Give the data below again exactly, and drop each picture from it.
= Beginning of Section =
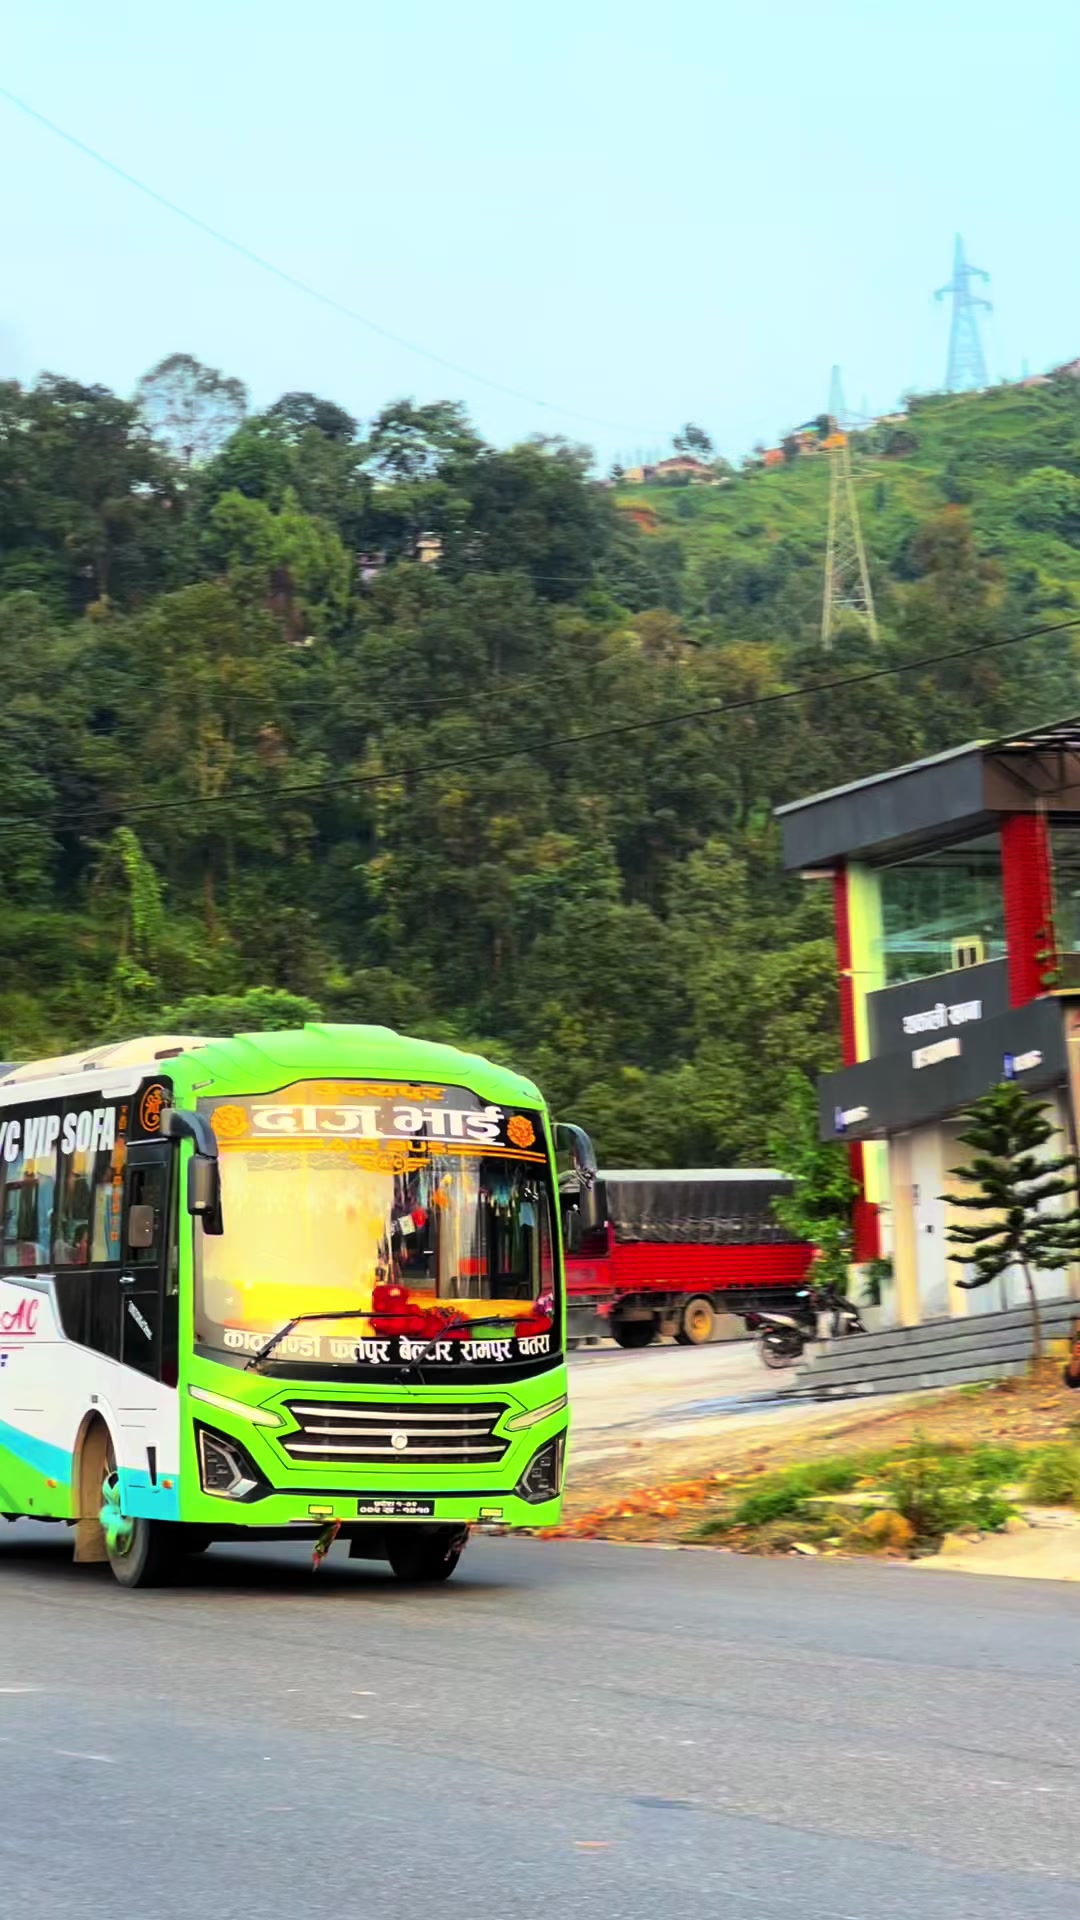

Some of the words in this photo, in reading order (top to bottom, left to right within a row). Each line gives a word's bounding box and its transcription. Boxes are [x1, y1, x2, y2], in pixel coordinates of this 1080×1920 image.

[23, 1115, 61, 1160] VIP
[61, 1107, 116, 1154] SOFA
[393, 1106, 504, 1142] भाई
[329, 1138, 379, 1152] AIR
[386, 1139, 446, 1155] BUS
[460, 1338, 512, 1361] रामपुर
[517, 1335, 550, 1355] चतरा
= End of Section =
EXERCISE OUTPUT:
Some of the words in this photo, in reading order (top to bottom, left to right within a row). Each line gives a word's bounding box and its transcription. Boxes are [x1, y1, x2, y2], in pixel coordinates of this 1080×1920 image.

[23, 1115, 61, 1160] VIP
[61, 1107, 116, 1154] SOFA
[393, 1106, 504, 1142] भाई
[329, 1138, 379, 1152] AIR
[386, 1139, 446, 1155] BUS
[460, 1338, 512, 1361] रामपुर
[517, 1335, 550, 1355] चतरा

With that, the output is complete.